Images for object localization:
◆ ◆ ◆ ◆ ◆ ◆ ◆

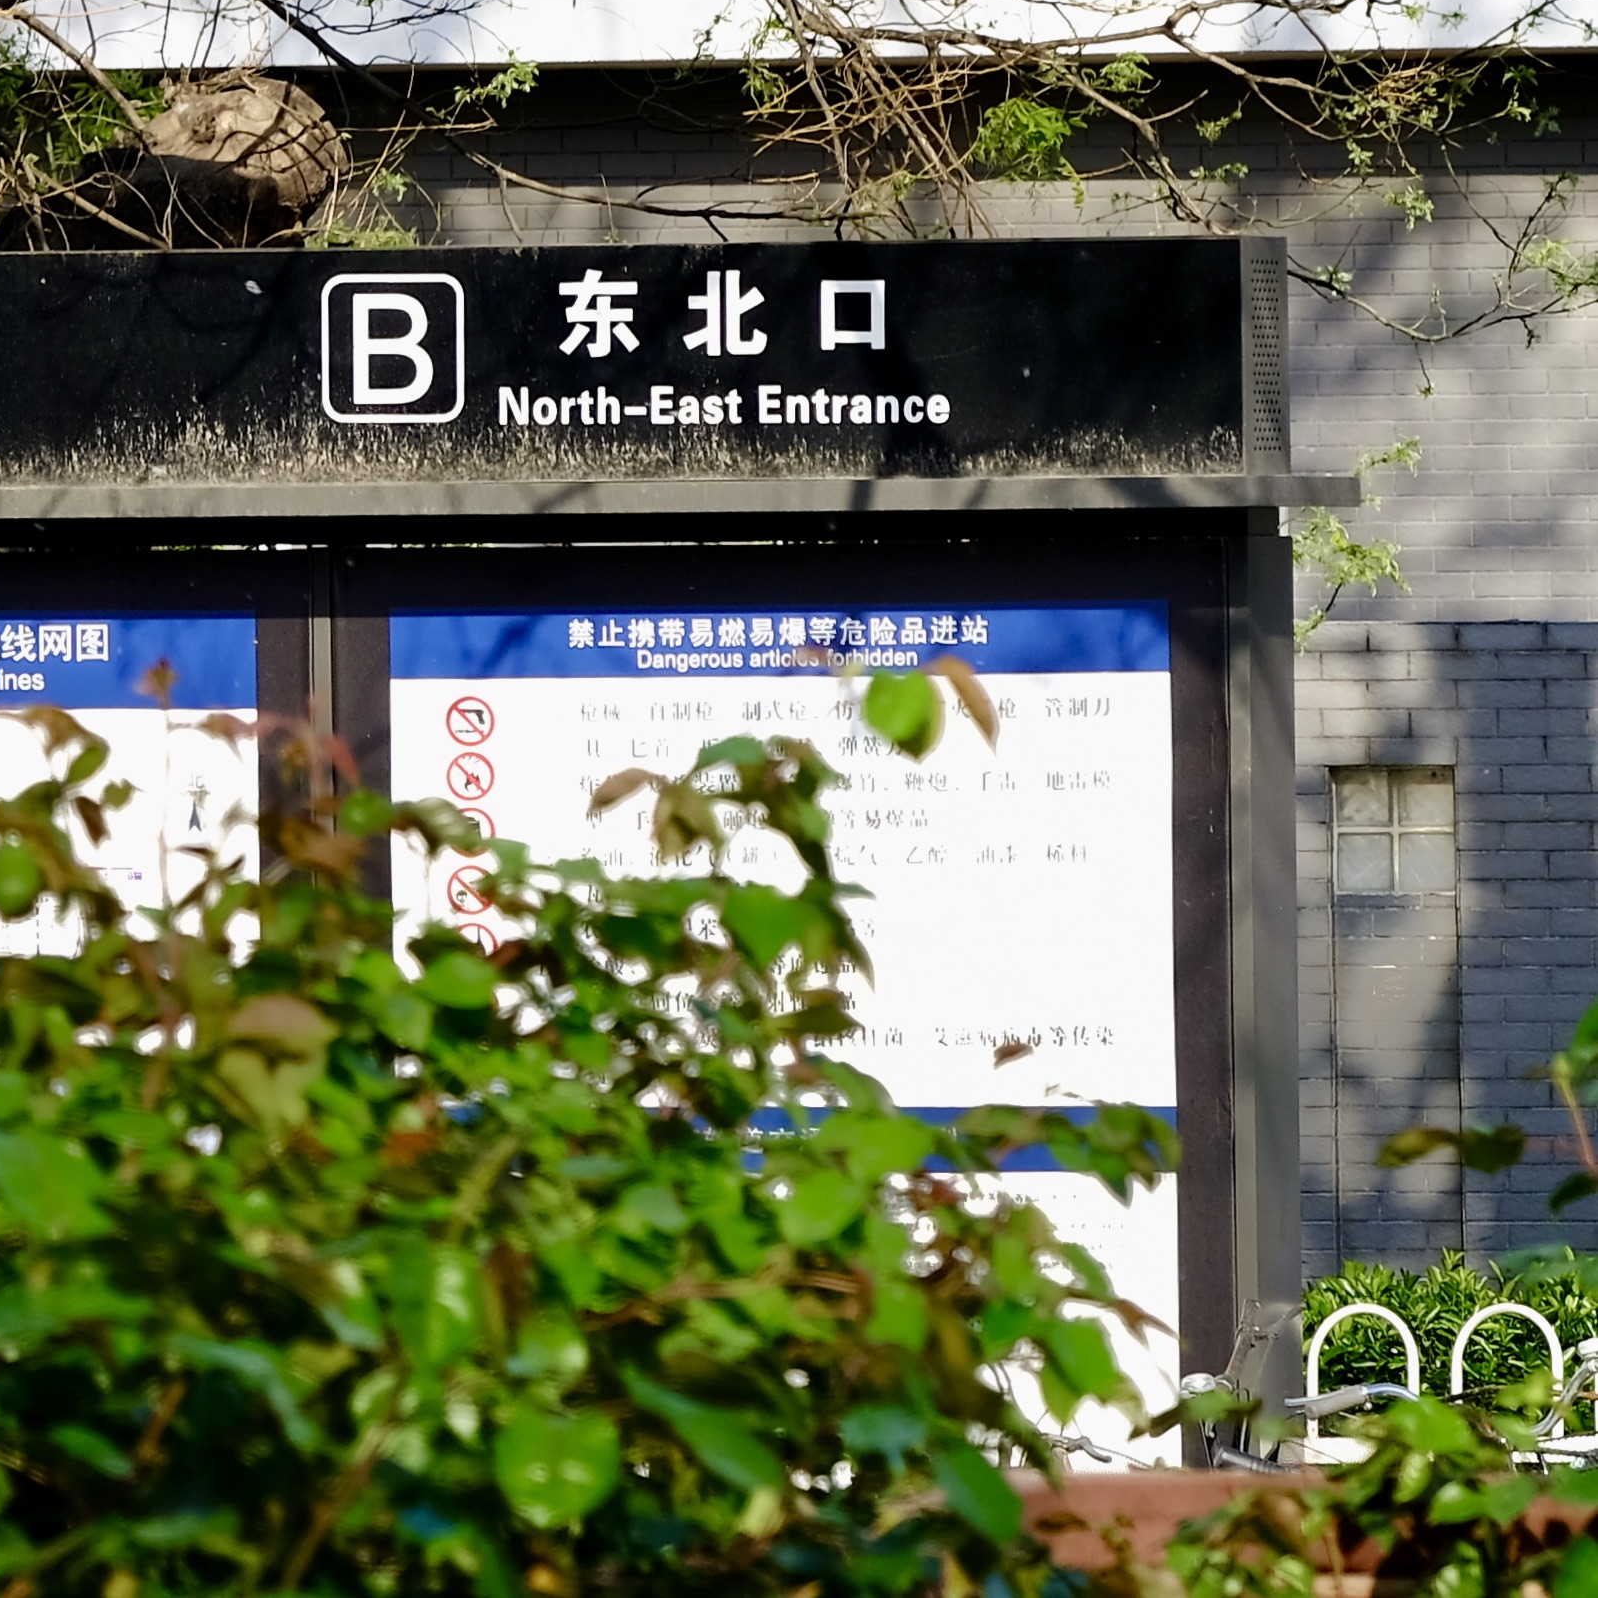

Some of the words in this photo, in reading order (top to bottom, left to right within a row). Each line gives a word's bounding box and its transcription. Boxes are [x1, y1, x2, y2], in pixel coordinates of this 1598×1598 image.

[558, 268, 887, 359] 东北口
[352, 292, 434, 406] B
[498, 385, 743, 427] North-East
[758, 384, 952, 425] Entrance
[568, 614, 989, 650] 禁止携带易燃易爆等危险品进站
[636, 649, 745, 673] Dangerous
[825, 647, 919, 668] forbidden
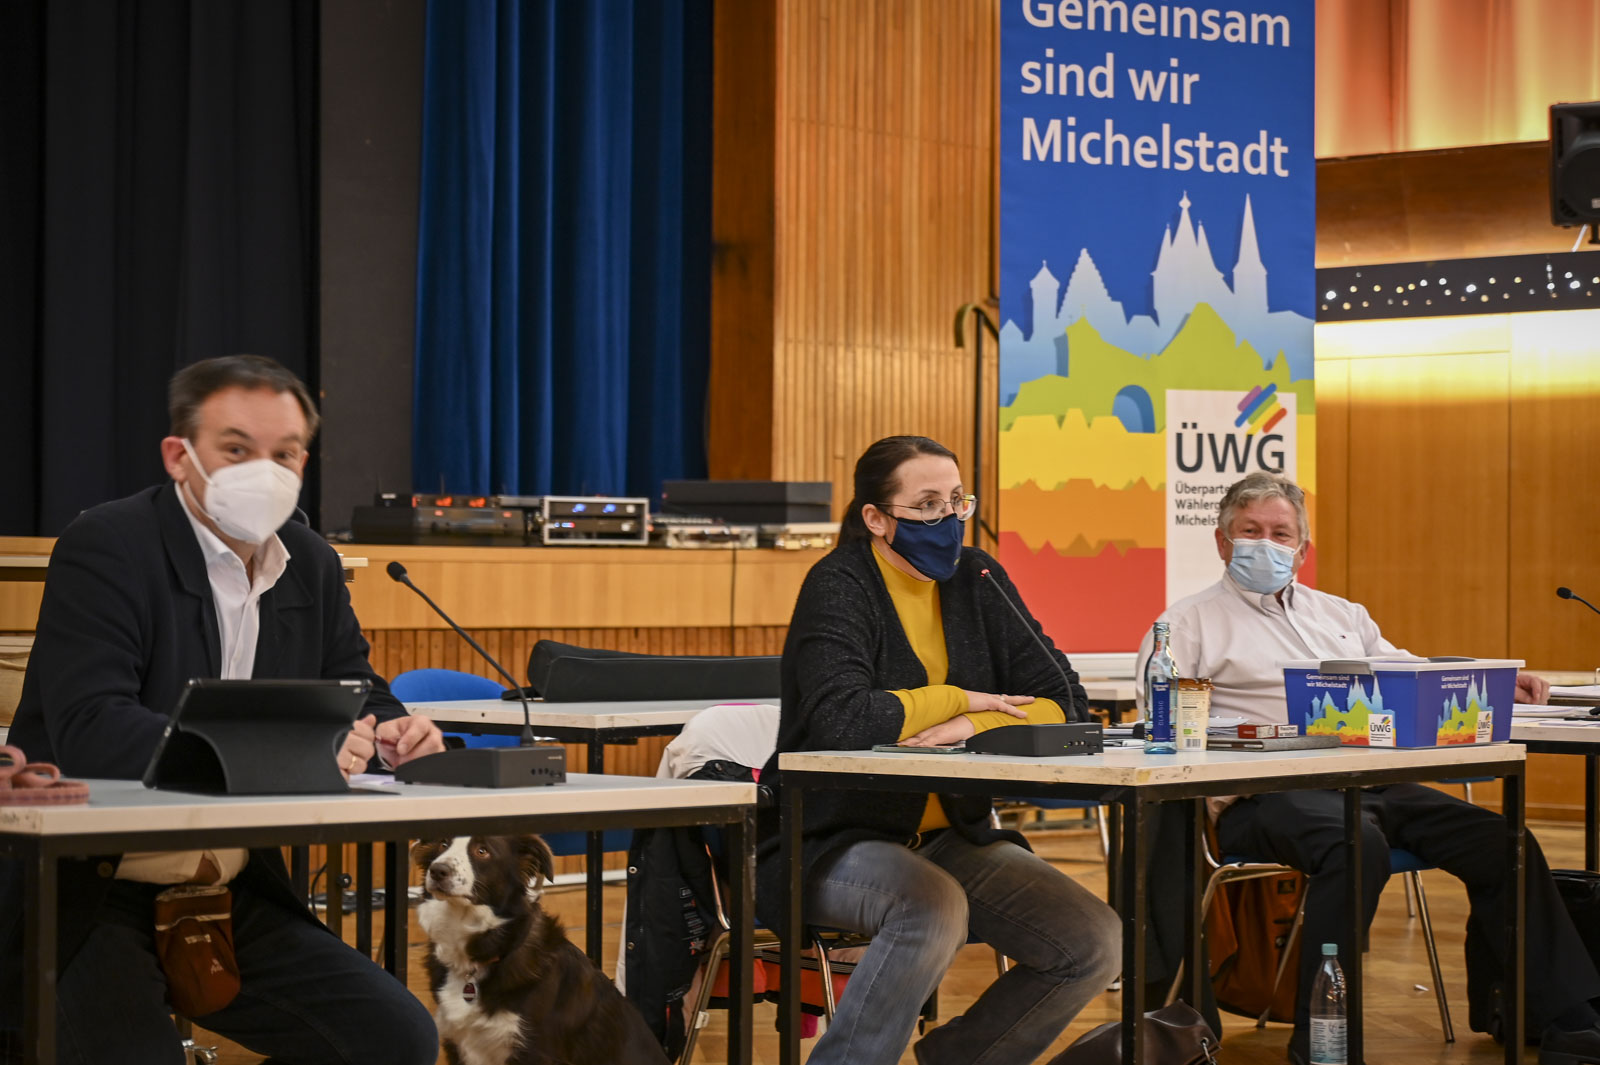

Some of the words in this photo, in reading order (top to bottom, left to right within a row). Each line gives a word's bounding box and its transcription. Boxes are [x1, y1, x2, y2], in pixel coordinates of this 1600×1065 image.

[1022, 0, 1290, 47] Gemeinsam
[1020, 48, 1114, 99] sind
[1128, 58, 1200, 105] wir
[1022, 116, 1289, 177] Michelstadt
[1176, 422, 1285, 474] ÜWG
[1175, 480, 1232, 497] Überparte
[1175, 514, 1218, 526] Michels
[1370, 722, 1391, 733] ÜWG

◆ ◆ ◆ ◆ ◆ ◆ ◆

Only those lines running from the one containing "this 1600×1065 image." through the last line of the data above are to be copied, exactly, with both ends included.

Some of the words in this photo, in reading order (top to bottom, left to right within a row). Each line gives a word's bounding box and its transcription. Boxes are [x1, y1, x2, y2], in pixel coordinates of this 1600×1065 image.

[1022, 0, 1290, 47] Gemeinsam
[1020, 48, 1114, 99] sind
[1128, 58, 1200, 105] wir
[1022, 116, 1289, 177] Michelstadt
[1176, 422, 1285, 474] ÜWG
[1175, 480, 1232, 497] Überparte
[1175, 514, 1218, 526] Michels
[1370, 722, 1391, 733] ÜWG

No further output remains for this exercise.